An Open letter to the Chief Minister and other policy makers on Tourism Policy and Practice

An Open letter to the Chief Minister and

other policy makers on Tourism Policy and Practice

05th August 2014



The Chief Minister of Goa,

Tourism Minister of Goa

Chief Secretary, Government of Goa

Secretary of Tourism, Government of Goa

Director of Tourism, Government of Goa


Dear Ministers and other Tourism officials,


Ref: Proposed Goa Master Tourism Policy

The Centre for Responsible Tourism (CRT) was set up in 2007 as a rallying point for communities and small sectors to organize them and approach the government through collective approaches to gain equitable benefits from the Government. In addition to organizing people and collectivising and amplifying their voices, we have also engaged in research and study on issues that impact Goa vis-a-vis tourism. It is on the basis of well-informed research that CRT then engages in advocacy and mobilization of people against unjust and unsustainable tourism policies.  We study the social, cultural, economic and environmental impact of tourism on local communities. Our conviction is that tourism must go beyond profits for big business and multinational and must, instead, bring benefits to the local communities – the locale of tourism activity. All too often, our observation is that tourism activity displaces and disadvantages people in communities and leaves them marginalized rather than benefited. For as long as tourism provides mere crumbs under the table for the local working classes and original inhabitants of the coasts and other tourism locations, it would have lost its purpose. The question that informs our actions is: ‘Who Really Benefits from Tourism?’ The answer, in the case of Goa is clear. Policy and practice in the government has tended to be weighted in favour of the rich and powerful.

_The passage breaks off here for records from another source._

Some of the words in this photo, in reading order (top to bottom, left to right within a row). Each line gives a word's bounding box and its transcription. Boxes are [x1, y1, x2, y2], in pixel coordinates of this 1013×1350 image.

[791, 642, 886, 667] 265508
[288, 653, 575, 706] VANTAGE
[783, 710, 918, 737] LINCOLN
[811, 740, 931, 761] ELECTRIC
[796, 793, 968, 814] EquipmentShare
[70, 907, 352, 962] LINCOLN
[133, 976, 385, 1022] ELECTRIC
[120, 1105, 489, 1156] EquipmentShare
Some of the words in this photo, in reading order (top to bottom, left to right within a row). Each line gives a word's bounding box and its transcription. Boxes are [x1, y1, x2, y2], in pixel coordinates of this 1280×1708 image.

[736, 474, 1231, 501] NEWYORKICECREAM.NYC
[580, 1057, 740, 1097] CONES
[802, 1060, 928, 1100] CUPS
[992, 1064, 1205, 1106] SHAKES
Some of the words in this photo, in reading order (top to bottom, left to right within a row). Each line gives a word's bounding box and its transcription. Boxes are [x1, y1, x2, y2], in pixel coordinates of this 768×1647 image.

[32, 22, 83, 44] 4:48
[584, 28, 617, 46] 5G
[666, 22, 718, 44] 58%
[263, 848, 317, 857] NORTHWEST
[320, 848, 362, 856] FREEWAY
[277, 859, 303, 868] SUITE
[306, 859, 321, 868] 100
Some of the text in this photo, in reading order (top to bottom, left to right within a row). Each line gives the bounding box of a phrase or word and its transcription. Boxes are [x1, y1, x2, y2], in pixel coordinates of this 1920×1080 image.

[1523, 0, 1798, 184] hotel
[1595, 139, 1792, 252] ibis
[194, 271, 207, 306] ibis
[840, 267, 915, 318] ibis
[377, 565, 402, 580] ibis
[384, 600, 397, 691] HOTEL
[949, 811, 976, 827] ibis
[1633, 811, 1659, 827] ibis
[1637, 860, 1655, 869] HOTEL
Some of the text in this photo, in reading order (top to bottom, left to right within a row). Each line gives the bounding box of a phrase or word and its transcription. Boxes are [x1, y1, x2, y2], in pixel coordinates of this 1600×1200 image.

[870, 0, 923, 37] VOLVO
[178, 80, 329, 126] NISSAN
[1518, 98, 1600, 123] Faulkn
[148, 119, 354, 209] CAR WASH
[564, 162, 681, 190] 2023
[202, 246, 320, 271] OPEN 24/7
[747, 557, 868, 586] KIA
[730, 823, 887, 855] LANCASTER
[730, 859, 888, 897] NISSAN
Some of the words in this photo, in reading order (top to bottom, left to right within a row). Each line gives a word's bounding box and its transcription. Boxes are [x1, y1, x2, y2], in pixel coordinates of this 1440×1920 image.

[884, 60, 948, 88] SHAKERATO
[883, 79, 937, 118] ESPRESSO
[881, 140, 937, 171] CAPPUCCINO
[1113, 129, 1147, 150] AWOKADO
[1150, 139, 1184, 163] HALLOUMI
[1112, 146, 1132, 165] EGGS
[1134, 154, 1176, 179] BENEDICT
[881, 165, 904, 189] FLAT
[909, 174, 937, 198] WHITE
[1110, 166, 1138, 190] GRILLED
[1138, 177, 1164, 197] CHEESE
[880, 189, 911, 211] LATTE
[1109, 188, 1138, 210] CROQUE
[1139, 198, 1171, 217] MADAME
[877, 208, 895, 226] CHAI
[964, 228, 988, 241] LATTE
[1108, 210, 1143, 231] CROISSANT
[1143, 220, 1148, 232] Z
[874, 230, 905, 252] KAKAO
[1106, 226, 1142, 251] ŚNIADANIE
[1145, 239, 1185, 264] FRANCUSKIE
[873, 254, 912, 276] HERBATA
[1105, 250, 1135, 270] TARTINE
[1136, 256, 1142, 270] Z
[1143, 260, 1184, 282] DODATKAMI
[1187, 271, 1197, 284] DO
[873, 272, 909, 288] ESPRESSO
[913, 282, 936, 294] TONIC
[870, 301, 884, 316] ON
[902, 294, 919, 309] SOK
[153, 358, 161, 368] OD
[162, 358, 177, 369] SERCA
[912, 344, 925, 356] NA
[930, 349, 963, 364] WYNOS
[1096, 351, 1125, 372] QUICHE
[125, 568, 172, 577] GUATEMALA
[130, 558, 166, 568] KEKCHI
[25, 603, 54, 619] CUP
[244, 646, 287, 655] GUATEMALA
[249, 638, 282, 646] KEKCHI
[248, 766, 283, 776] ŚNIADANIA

Right from the central Minister for Tourism to the Chief Minister and the Tourism Minister, we have heard some rather disconcerting views. The dominant position of the government is that tourism is for the ‘high-end’ category. Everything will be weighted in their favour. Presumably, the understanding is that the high-end tourist will rake in tourism profits into the coffers of the state exchequer. This presumption is both prejudicial to the working classes who not only deserve a holiday but who are the kind who spend their money in the local markets unlike the higher-end snobbish tourist who visits a 5-star (or above) hotel/resort and comes with an all-inclusive package where money that finally enters Goa is a bare 12-14% of tourism income. The rest stays behind in the sending country. Even what comes into Goa reach their agents- Tour Operators who act as the loyal go-between of the external agent and skim off profits that should at least go the local service providers.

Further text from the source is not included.